┌─ Available records

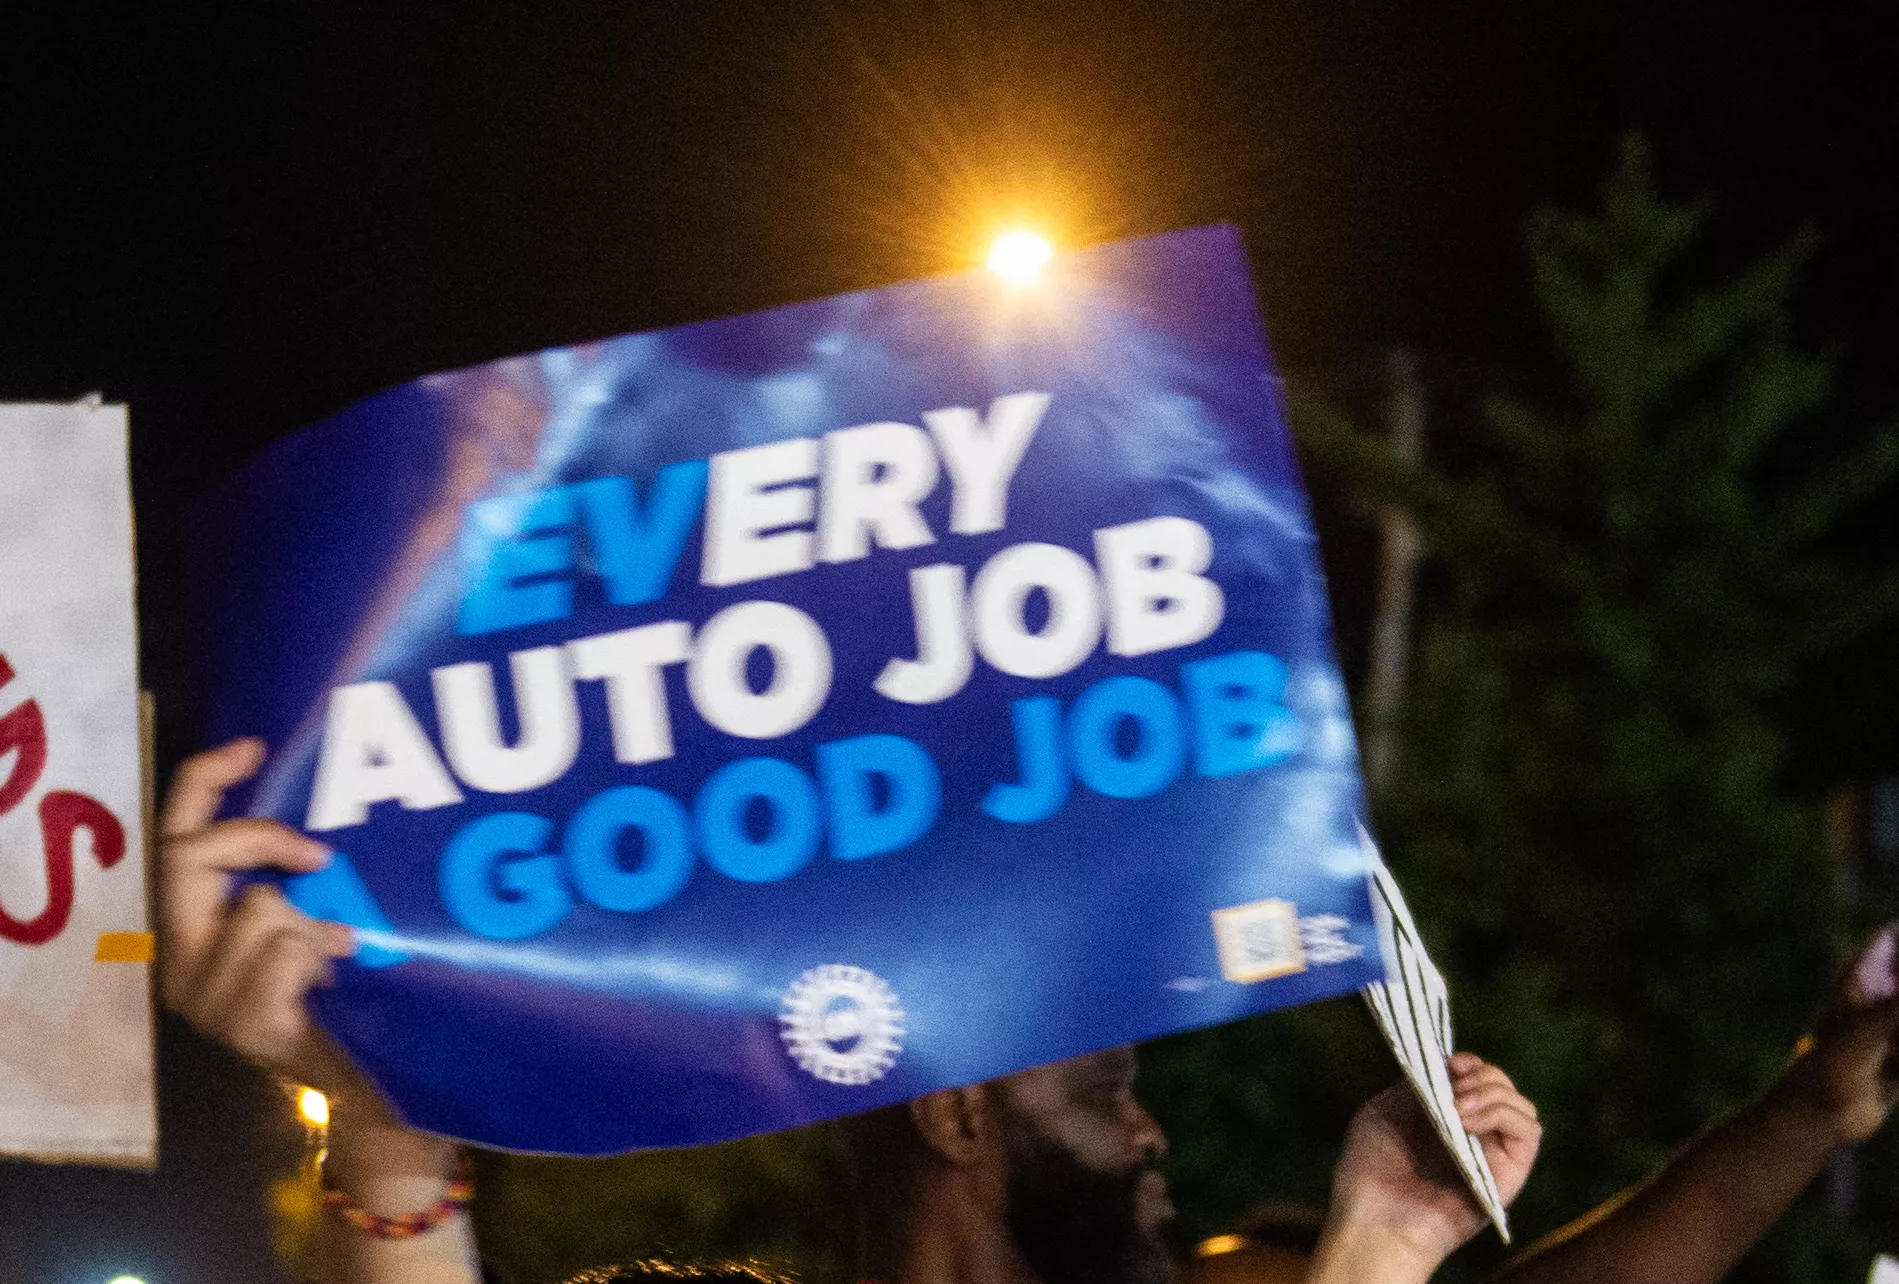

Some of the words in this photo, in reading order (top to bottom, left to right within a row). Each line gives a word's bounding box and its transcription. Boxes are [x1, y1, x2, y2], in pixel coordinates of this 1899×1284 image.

[455, 393, 1051, 635] EVERY
[305, 600, 833, 830] AUTO
[872, 515, 1226, 705] JOB
[437, 732, 942, 940] GOOD
[980, 650, 1303, 824] JOB
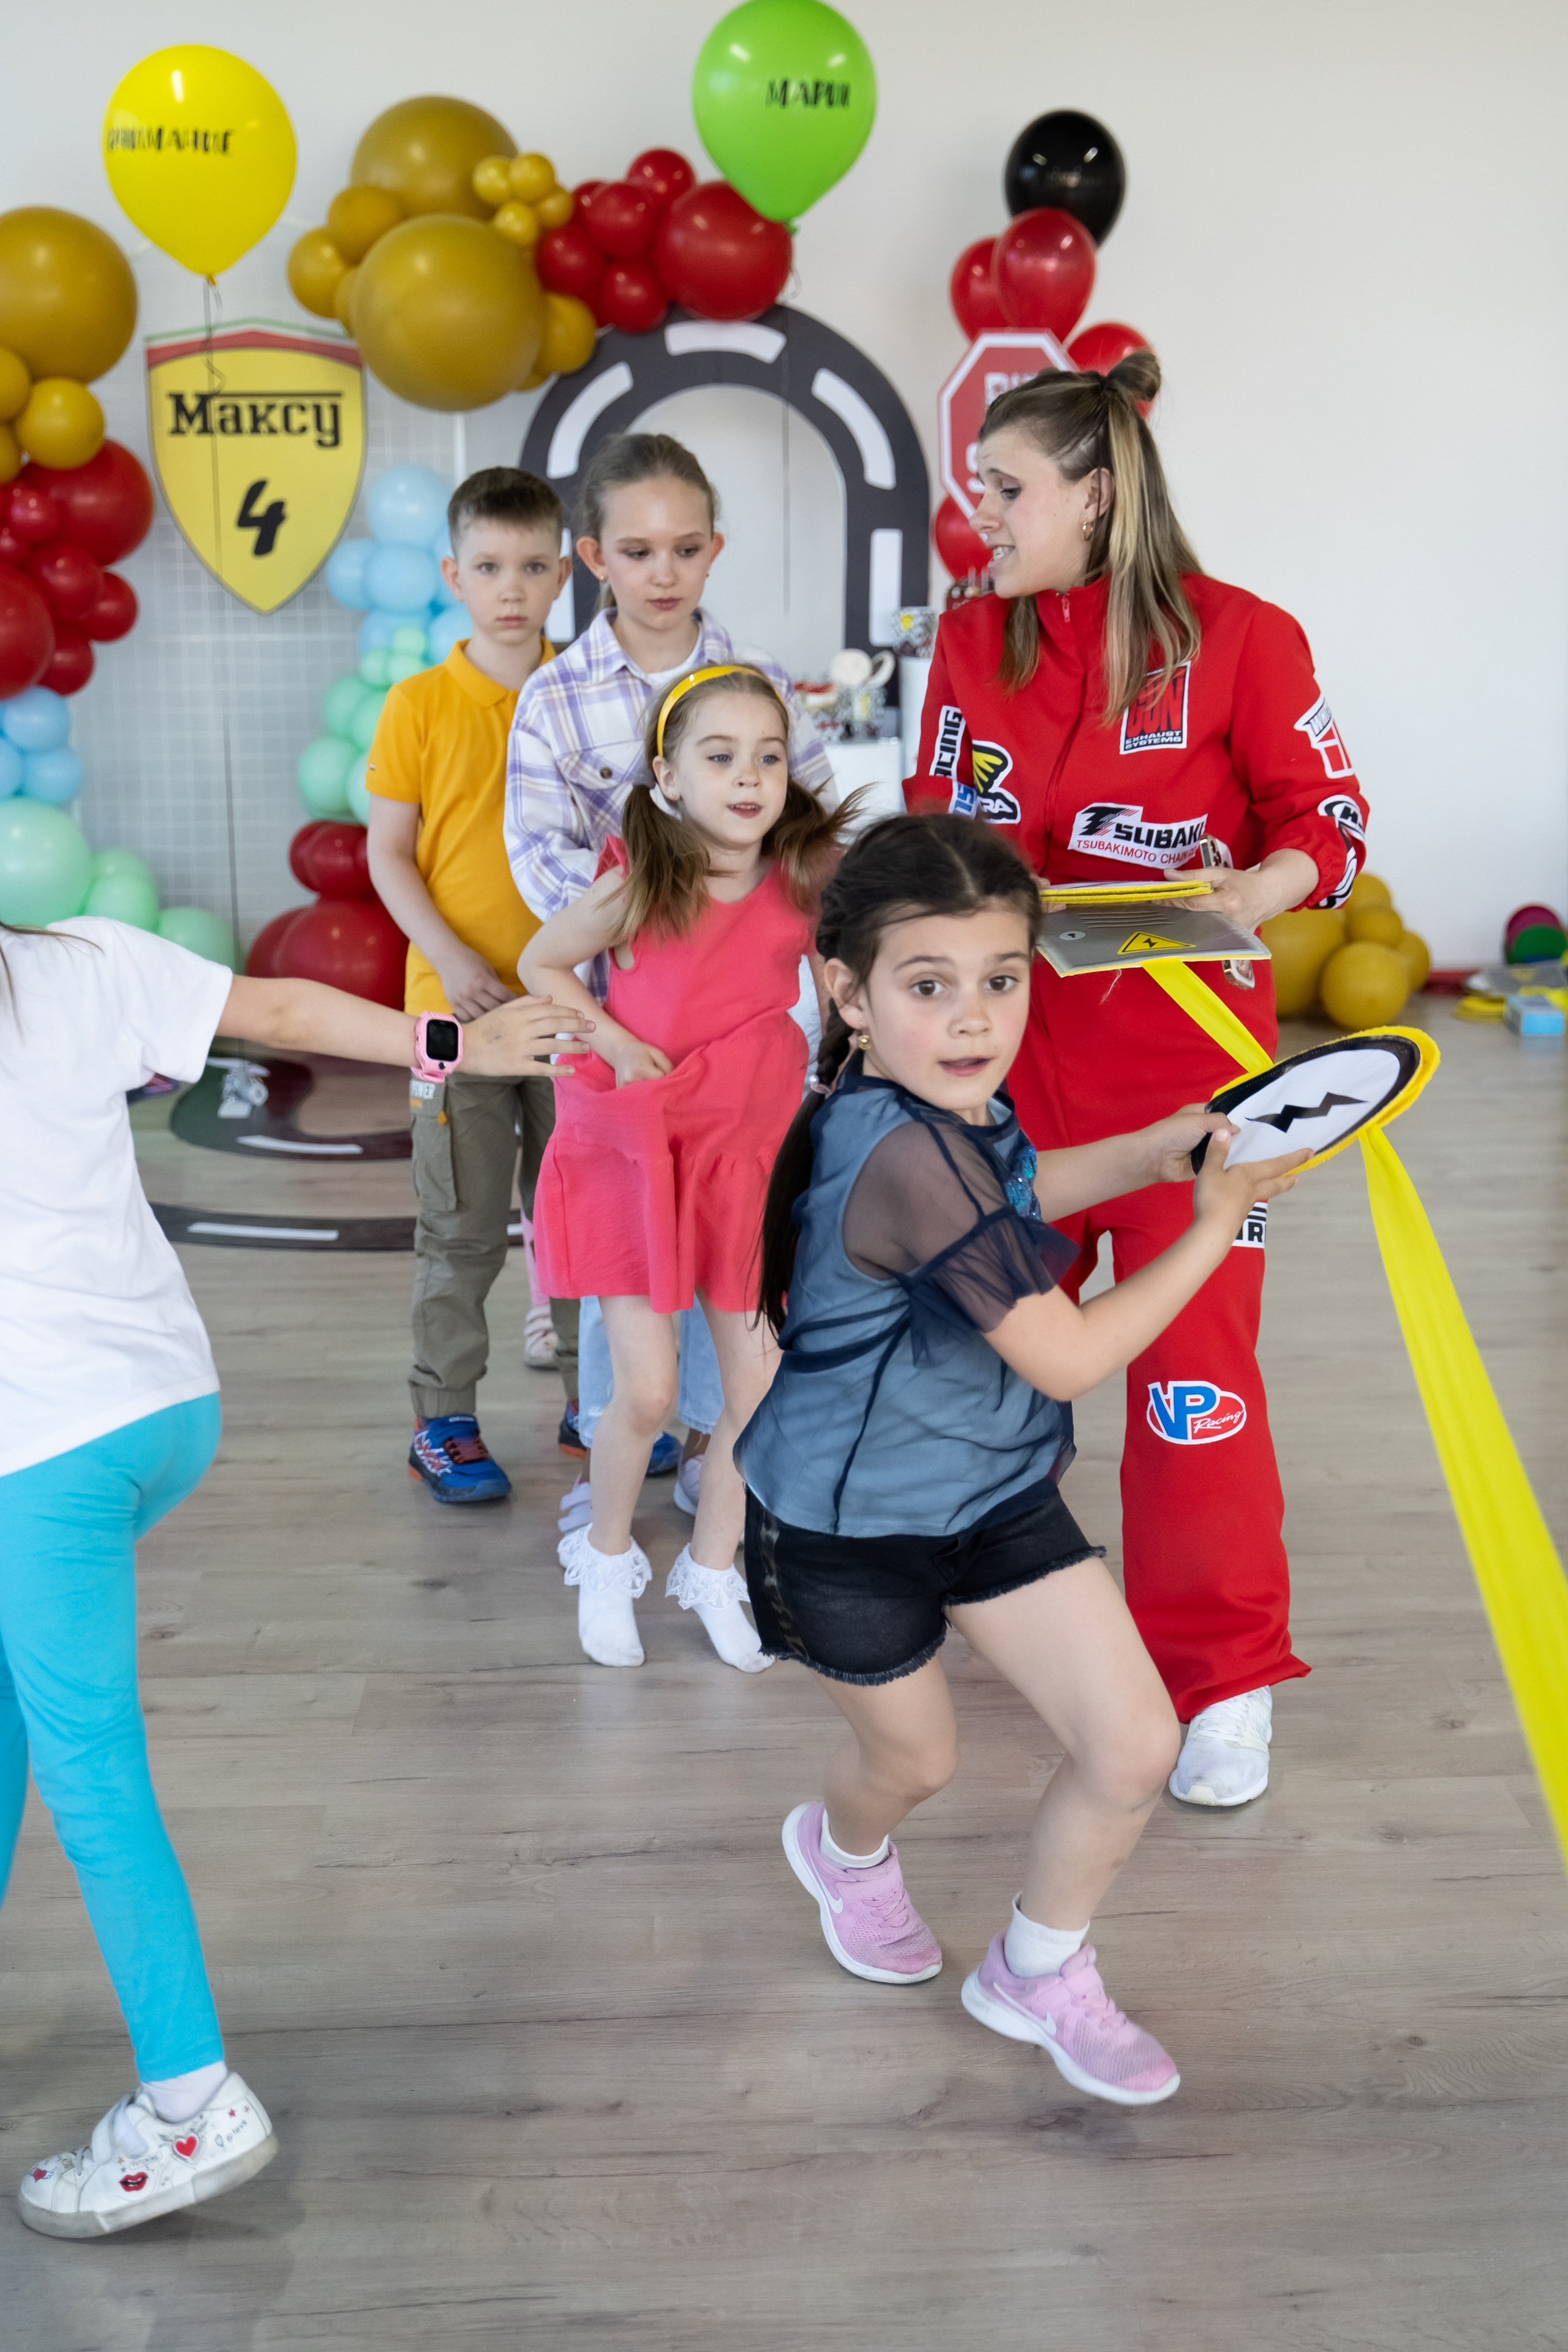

└─

## Task requirements
A word-for-word repetition of the data above, without pictures, is the expected answer.

## Worked solution
Some of the words in this photo, in reading order (top to bottom, left to right within a row). Each line gives a word's bounding box and its transcription. Boxes are [x1, y1, x2, y2], in pixel coordinates of this 1899×1284 image.

[455, 393, 1051, 635] EVERY
[305, 600, 833, 830] AUTO
[872, 515, 1226, 705] JOB
[437, 732, 942, 940] GOOD
[980, 650, 1303, 824] JOB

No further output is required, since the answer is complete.